I've never forgotten her words and over the past 40-plus years of my own marriage, no matter where we've lived, we've always filled the chairs around our seder tables with a rich and wonderful diversity of family, friends and acquaintances from a range of religious backgrounds and cultures.

And over the years, my mother's ecumenical and cultural view of Passover has taken on a whole new dimension for me as I've expanded my role as the seder leader beyond our home to other homes and places of worship. For instance, when close friends moved to Lock Haven, Pa., where he became the minister of the Lutheran Church, I was invited on several Passovers to lead a seder for their church members. Suddenly, what I did among family and friends became a labor of love for a much larger religious population. Also, because there was a need for more explanation and interpretation, I always did much homework to prepare, because the expectation of our guests was that I was one step below a religious leader and should know the answers to questions they might ask. Thankfully I survived.

Each seder was different, of course, but each became a labor of love for me and our guests were so appreciative that I took the time to share this special holiday with them.

The last seder I conducted for our minister friend and his wife was in their new church in Bartlett, N.C., near Raleigh. Ten days before the event, our friend Susan called us frantic. "Our congregants want to make dishes for your seder and none of our stores, even in Raleigh, seem to have Passover supplies," Susan said. "How do I explain that to 50 or 60 women? Want to send me 60 recipes?"

"No worries," I told her. "We're on this."

I looked at my wife. "We need to buy out Shaw's," I told her, "and send these folks a Passover care package from the frozen north."

Within an hour, we'd picked up nearly 75 easy Passover vegetable mixes and a host of dessert mixes. That Monday, barely a week before we were to fly to Raleigh, we overnighted our precious cargo to our anxious friends in Bartlett.

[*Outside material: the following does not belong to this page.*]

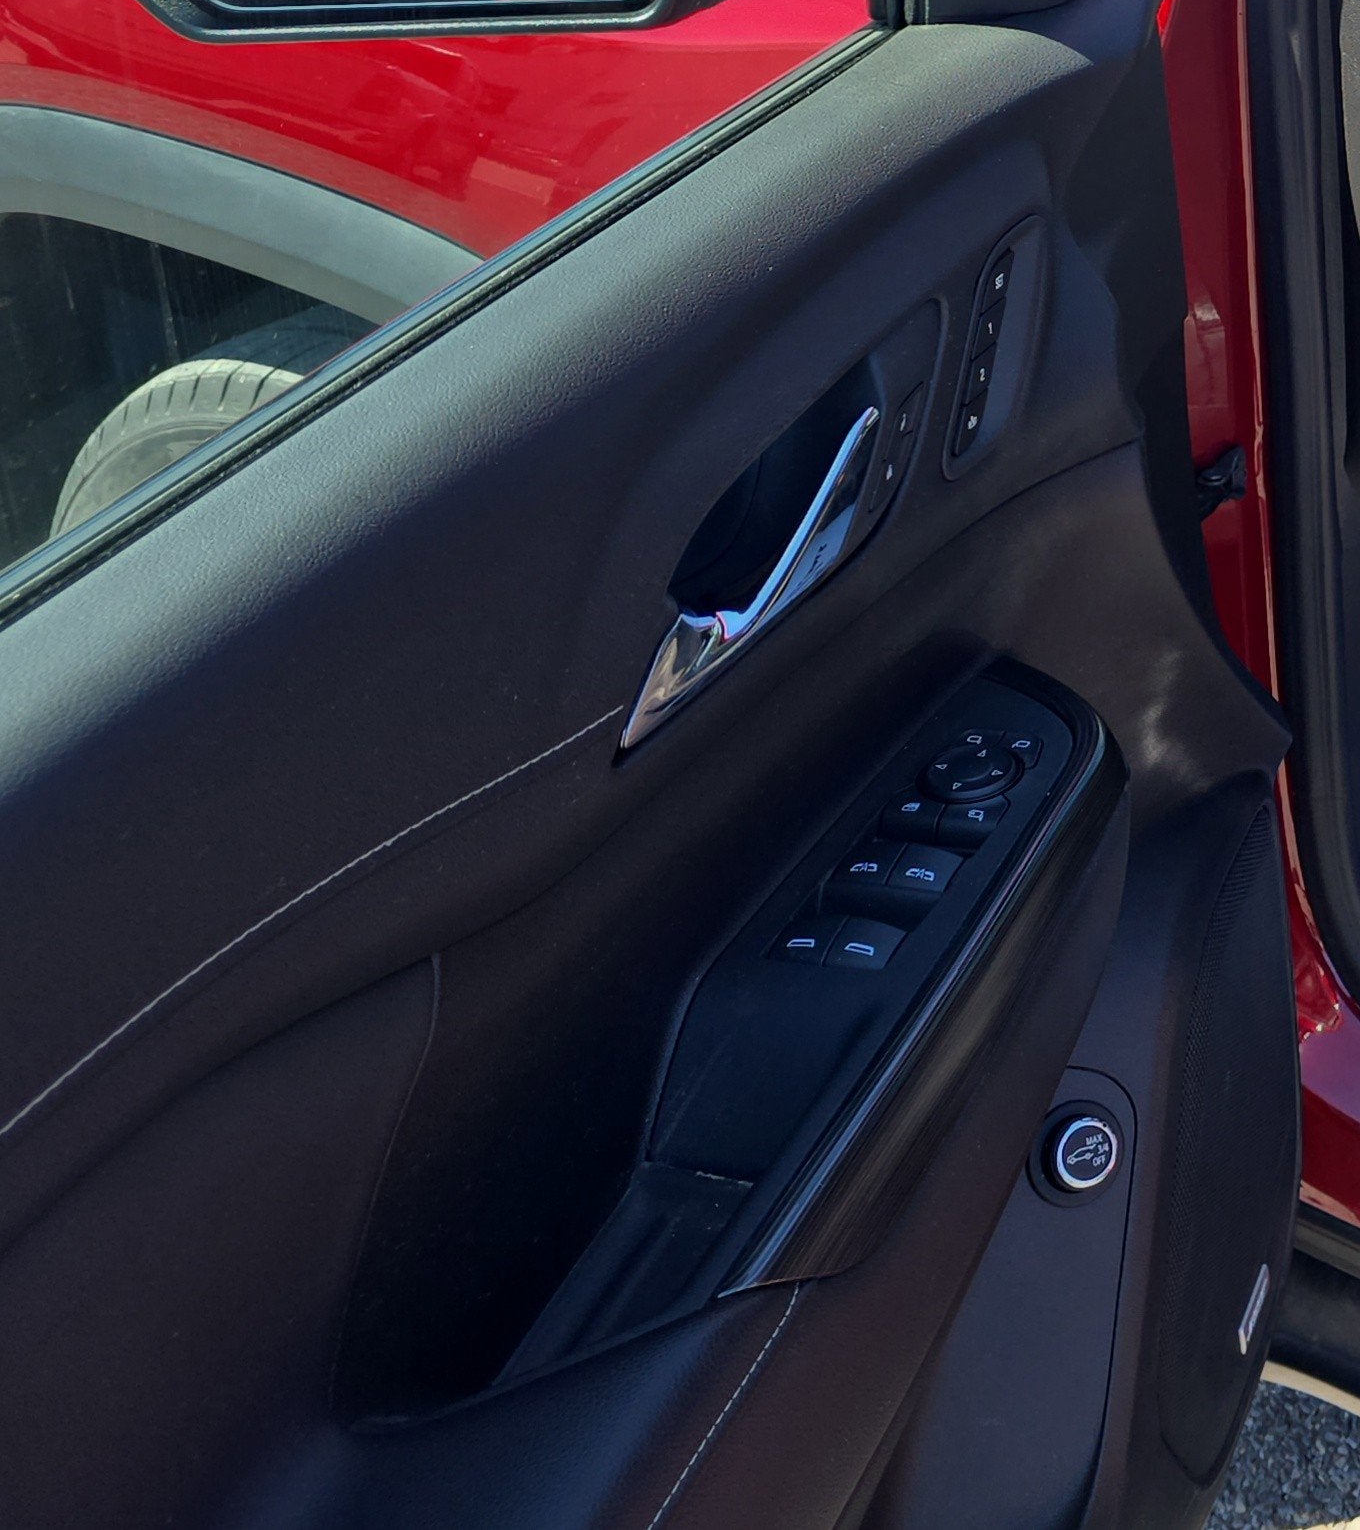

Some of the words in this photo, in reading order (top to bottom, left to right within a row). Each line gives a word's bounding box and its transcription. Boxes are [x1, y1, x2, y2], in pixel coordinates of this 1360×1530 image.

Saturday evening, when my wife and I walked into the seder with guests -- my cousin Scott and his wife Becky, who live in Raleigh -- we were overwhelmed. The tables were set for nearly 100 and the hot tables were adorned by all 75 of the holiday mixes we'd sent...I choked back tears throughout the evening as I thanked church members for having us and for their generosity in cooking.

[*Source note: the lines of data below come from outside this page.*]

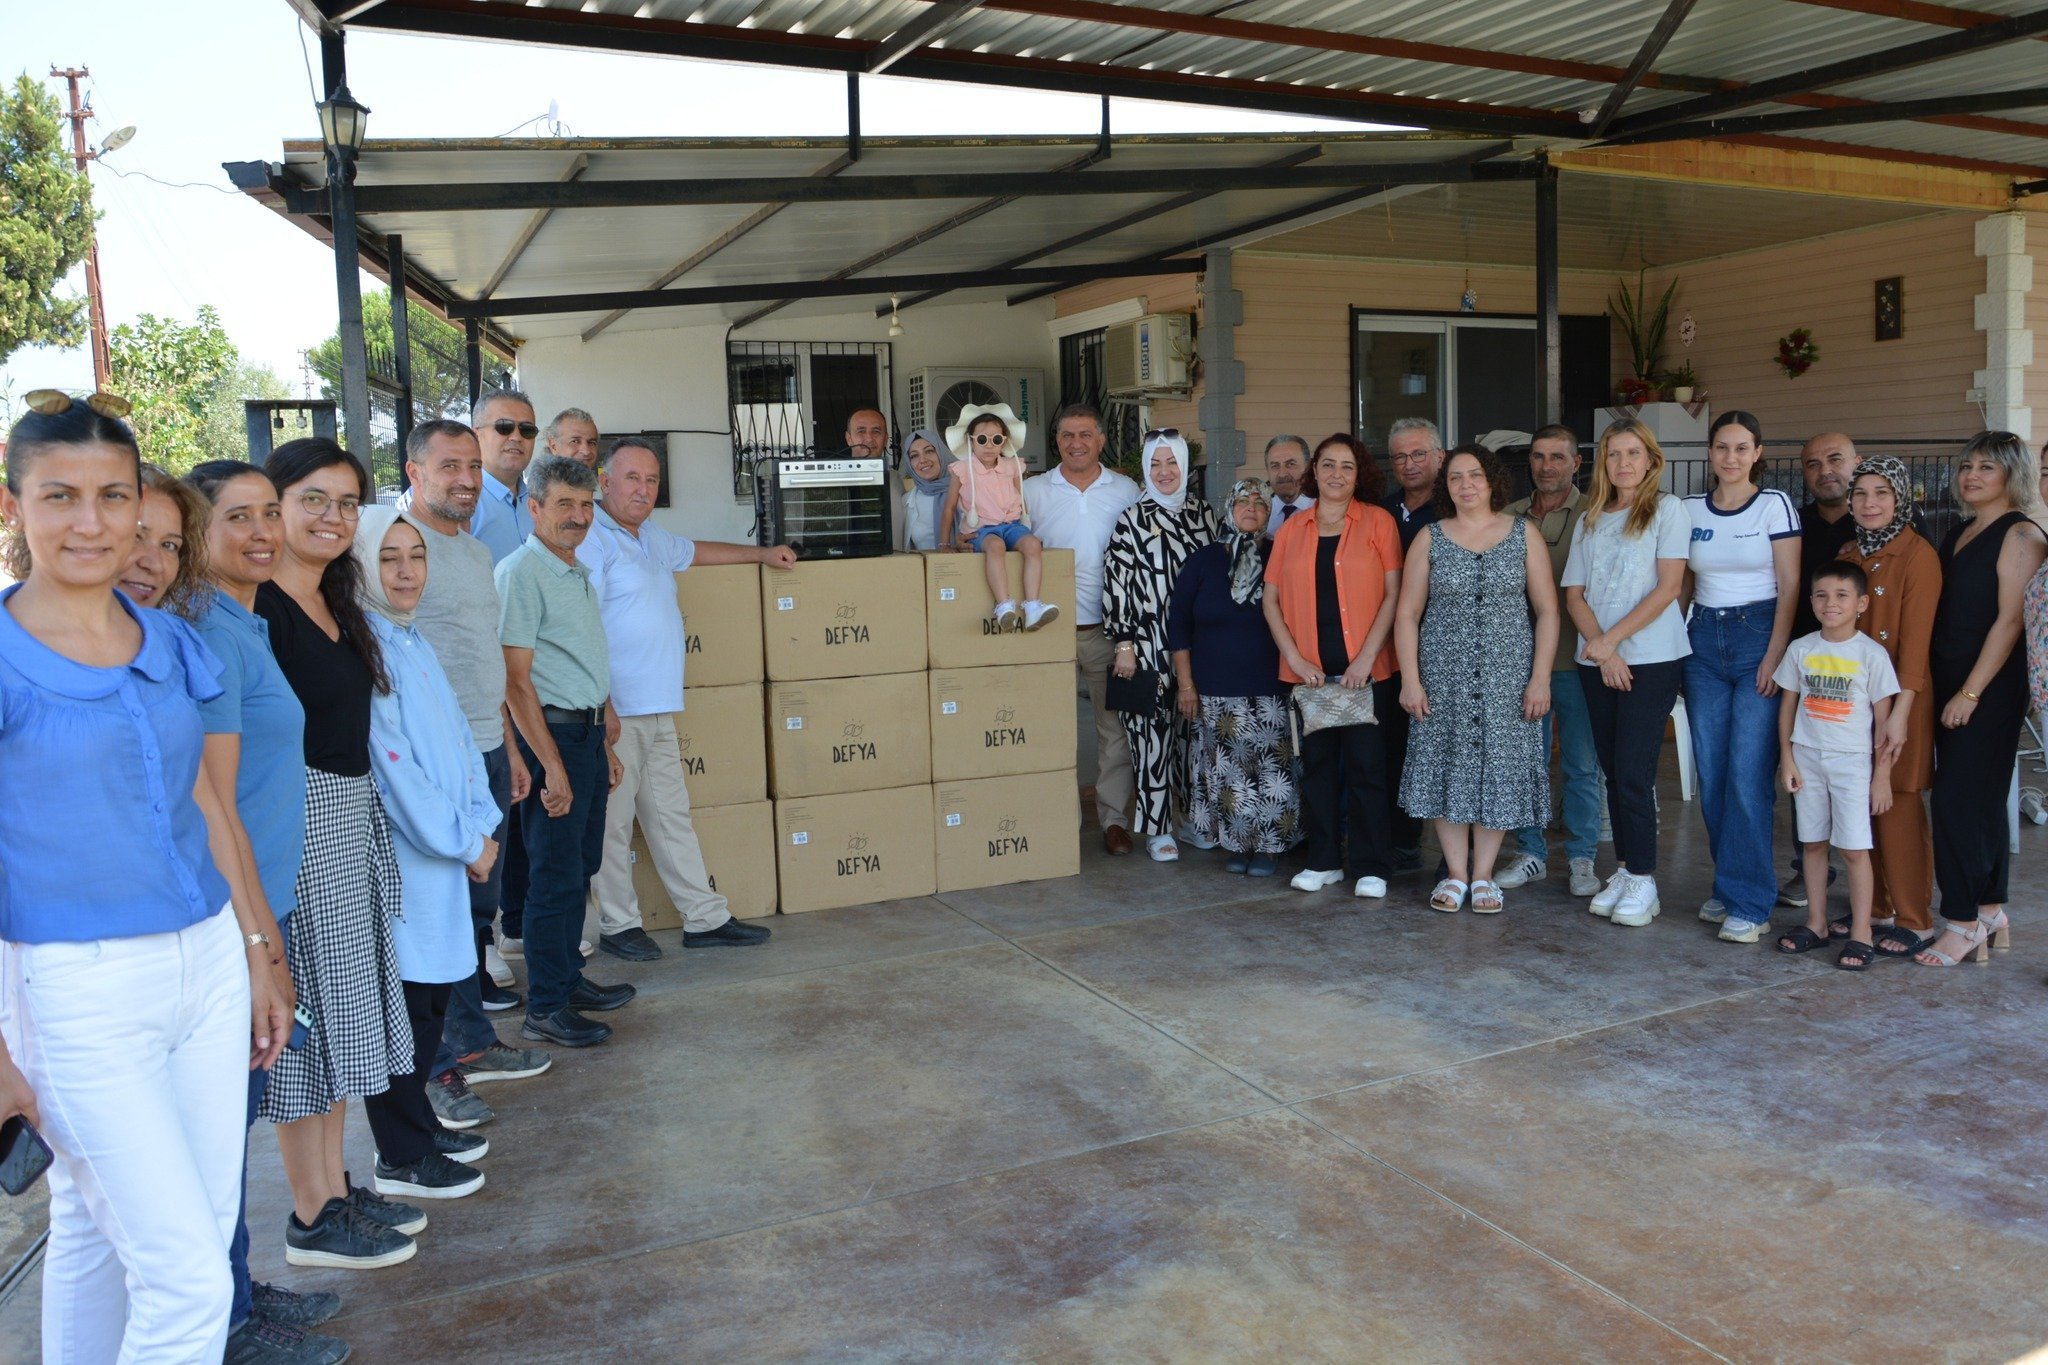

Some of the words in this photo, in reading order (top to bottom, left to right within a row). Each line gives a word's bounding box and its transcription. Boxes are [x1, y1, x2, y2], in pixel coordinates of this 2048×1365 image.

[1019, 378, 1029, 417] baymak
[825, 625, 870, 645] DEFYA
[983, 616, 1024, 636] DEA
[1805, 674, 1821, 688] NO
[1823, 675, 1853, 690] WAY
[985, 727, 1026, 747] DEFYA
[832, 742, 877, 763] DEFYA
[988, 836, 1029, 857] DEFYA
[837, 854, 881, 876] DEFYA

That seder was a very special evening but unfortunately, a bittersweet time, because our dear friend Susan succumbed to cancer barely two years later. We miss her and our seders with them.

During the past three years, our close friend Pam has asked us to her seder and, as an added request, she's asked if I'd lead the seder. Her son-in-law, Marty's family is not Jewish and until that first seder I conducted, few of them knew much about the holiday and its traditions.

Each of those seders, including the one earlier this week, have become a labor of love for me. Pam's children, Melissa and Marty, and Marty's family have been very appreciative of how much detail and explanation I provide about the holiday. Marty's mom, Kathy told me again this past Tuesday evening how much she enjoys the seder and what she learns each year. That makes me feel especially good about leading the seder.

We joked at the table that perhaps I should take my seder-leading role on the road to families with different backgrounds and cultures, who want the seder experience but need a leader. But we decided that just being asked to lead is really the biggest mitzvah for me and I'll keep my territory limited to this area.

For me, Passover will always be a holiday to be shared with family, friends and neighbors from many backgrounds and cultures. From the warmth and tradition of the seder service to the delicious festival meal, each year the seder experience is more unusual and interesting. And, wherever the seder is -- at our home or out -- I can't wait to share the message of freedom that Passover brings, whether as leader or participant, with as many others as possible.